◆ Work request ◆
Only an exact, line-for-line copy of the data will serve as the answer.

◆ Records for the exercise ◆
=== Section Start ===

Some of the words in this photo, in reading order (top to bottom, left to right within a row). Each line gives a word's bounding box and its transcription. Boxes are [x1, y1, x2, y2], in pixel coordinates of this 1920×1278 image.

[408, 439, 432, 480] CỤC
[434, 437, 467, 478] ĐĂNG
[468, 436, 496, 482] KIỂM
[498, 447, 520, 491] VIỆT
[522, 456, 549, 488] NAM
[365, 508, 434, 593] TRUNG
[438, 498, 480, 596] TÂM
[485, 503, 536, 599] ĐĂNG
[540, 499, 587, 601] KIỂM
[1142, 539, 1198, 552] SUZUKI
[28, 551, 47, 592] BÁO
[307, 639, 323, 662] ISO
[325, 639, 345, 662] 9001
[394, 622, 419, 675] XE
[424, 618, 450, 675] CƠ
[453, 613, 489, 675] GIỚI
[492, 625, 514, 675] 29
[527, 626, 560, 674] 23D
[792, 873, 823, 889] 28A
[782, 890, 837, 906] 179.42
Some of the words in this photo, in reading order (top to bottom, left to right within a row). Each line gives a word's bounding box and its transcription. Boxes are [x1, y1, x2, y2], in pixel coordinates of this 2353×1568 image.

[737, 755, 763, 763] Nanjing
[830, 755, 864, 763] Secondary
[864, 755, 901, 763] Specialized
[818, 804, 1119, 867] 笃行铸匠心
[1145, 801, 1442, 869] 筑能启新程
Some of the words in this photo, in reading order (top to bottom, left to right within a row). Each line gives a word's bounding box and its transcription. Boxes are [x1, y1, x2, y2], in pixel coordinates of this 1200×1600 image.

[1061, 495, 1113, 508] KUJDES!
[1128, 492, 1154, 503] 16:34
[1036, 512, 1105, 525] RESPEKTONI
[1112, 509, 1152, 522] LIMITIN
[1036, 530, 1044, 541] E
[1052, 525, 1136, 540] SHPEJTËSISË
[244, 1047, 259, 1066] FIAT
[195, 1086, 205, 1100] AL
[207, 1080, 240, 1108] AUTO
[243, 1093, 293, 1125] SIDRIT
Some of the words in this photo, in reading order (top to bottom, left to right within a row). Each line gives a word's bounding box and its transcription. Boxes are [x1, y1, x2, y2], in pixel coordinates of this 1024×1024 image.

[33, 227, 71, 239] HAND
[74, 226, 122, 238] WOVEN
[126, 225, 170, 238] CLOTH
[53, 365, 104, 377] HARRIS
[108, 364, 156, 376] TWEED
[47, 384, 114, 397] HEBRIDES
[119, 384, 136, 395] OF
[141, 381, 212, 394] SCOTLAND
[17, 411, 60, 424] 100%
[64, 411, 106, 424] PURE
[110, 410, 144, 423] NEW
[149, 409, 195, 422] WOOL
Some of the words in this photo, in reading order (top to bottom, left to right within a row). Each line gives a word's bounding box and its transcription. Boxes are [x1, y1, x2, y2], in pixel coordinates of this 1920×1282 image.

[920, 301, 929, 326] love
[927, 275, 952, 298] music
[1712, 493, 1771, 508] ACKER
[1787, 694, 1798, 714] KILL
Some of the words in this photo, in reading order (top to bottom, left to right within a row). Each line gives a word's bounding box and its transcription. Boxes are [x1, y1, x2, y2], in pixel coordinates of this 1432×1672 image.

=== Section End ===

◆ Final answer ◆
Some of the words in this photo, in reading order (top to bottom, left to right within a row). Each line gives a word's bounding box and its transcription. Boxes are [x1, y1, x2, y2], in pixel coordinates of this 1920×1278 image.

[408, 439, 432, 480] CỤC
[434, 437, 467, 478] ĐĂNG
[468, 436, 496, 482] KIỂM
[498, 447, 520, 491] VIỆT
[522, 456, 549, 488] NAM
[365, 508, 434, 593] TRUNG
[438, 498, 480, 596] TÂM
[485, 503, 536, 599] ĐĂNG
[540, 499, 587, 601] KIỂM
[1142, 539, 1198, 552] SUZUKI
[28, 551, 47, 592] BÁO
[307, 639, 323, 662] ISO
[325, 639, 345, 662] 9001
[394, 622, 419, 675] XE
[424, 618, 450, 675] CƠ
[453, 613, 489, 675] GIỚI
[492, 625, 514, 675] 29
[527, 626, 560, 674] 23D
[792, 873, 823, 889] 28A
[782, 890, 837, 906] 179.42
Some of the words in this photo, in reading order (top to bottom, left to right within a row). Each line gives a word's bounding box and its transcription. Boxes are [x1, y1, x2, y2], in pixel coordinates of this 2353×1568 image.

[737, 755, 763, 763] Nanjing
[830, 755, 864, 763] Secondary
[864, 755, 901, 763] Specialized
[818, 804, 1119, 867] 笃行铸匠心
[1145, 801, 1442, 869] 筑能启新程
Some of the words in this photo, in reading order (top to bottom, left to right within a row). Each line gives a word's bounding box and its transcription. Boxes are [x1, y1, x2, y2], in pixel coordinates of this 1200×1600 image.

[1061, 495, 1113, 508] KUJDES!
[1128, 492, 1154, 503] 16:34
[1036, 512, 1105, 525] RESPEKTONI
[1112, 509, 1152, 522] LIMITIN
[1036, 530, 1044, 541] E
[1052, 525, 1136, 540] SHPEJTËSISË
[244, 1047, 259, 1066] FIAT
[195, 1086, 205, 1100] AL
[207, 1080, 240, 1108] AUTO
[243, 1093, 293, 1125] SIDRIT
Some of the words in this photo, in reading order (top to bottom, left to right within a row). Each line gives a word's bounding box and its transcription. Boxes are [x1, y1, x2, y2], in pixel coordinates of this 1024×1024 image.

[33, 227, 71, 239] HAND
[74, 226, 122, 238] WOVEN
[126, 225, 170, 238] CLOTH
[53, 365, 104, 377] HARRIS
[108, 364, 156, 376] TWEED
[47, 384, 114, 397] HEBRIDES
[119, 384, 136, 395] OF
[141, 381, 212, 394] SCOTLAND
[17, 411, 60, 424] 100%
[64, 411, 106, 424] PURE
[110, 410, 144, 423] NEW
[149, 409, 195, 422] WOOL
Some of the words in this photo, in reading order (top to bottom, left to right within a row). Each line gives a word's bounding box and its transcription. Boxes are [x1, y1, x2, y2], in pixel coordinates of this 1920×1282 image.

[920, 301, 929, 326] love
[927, 275, 952, 298] music
[1712, 493, 1771, 508] ACKER
[1787, 694, 1798, 714] KILL
Some of the words in this photo, in reading order (top to bottom, left to right within a row). Each line gives a word's bounding box and its transcription. Boxes are [x1, y1, x2, y2], in pixel coordinates of this 1432×1672 image.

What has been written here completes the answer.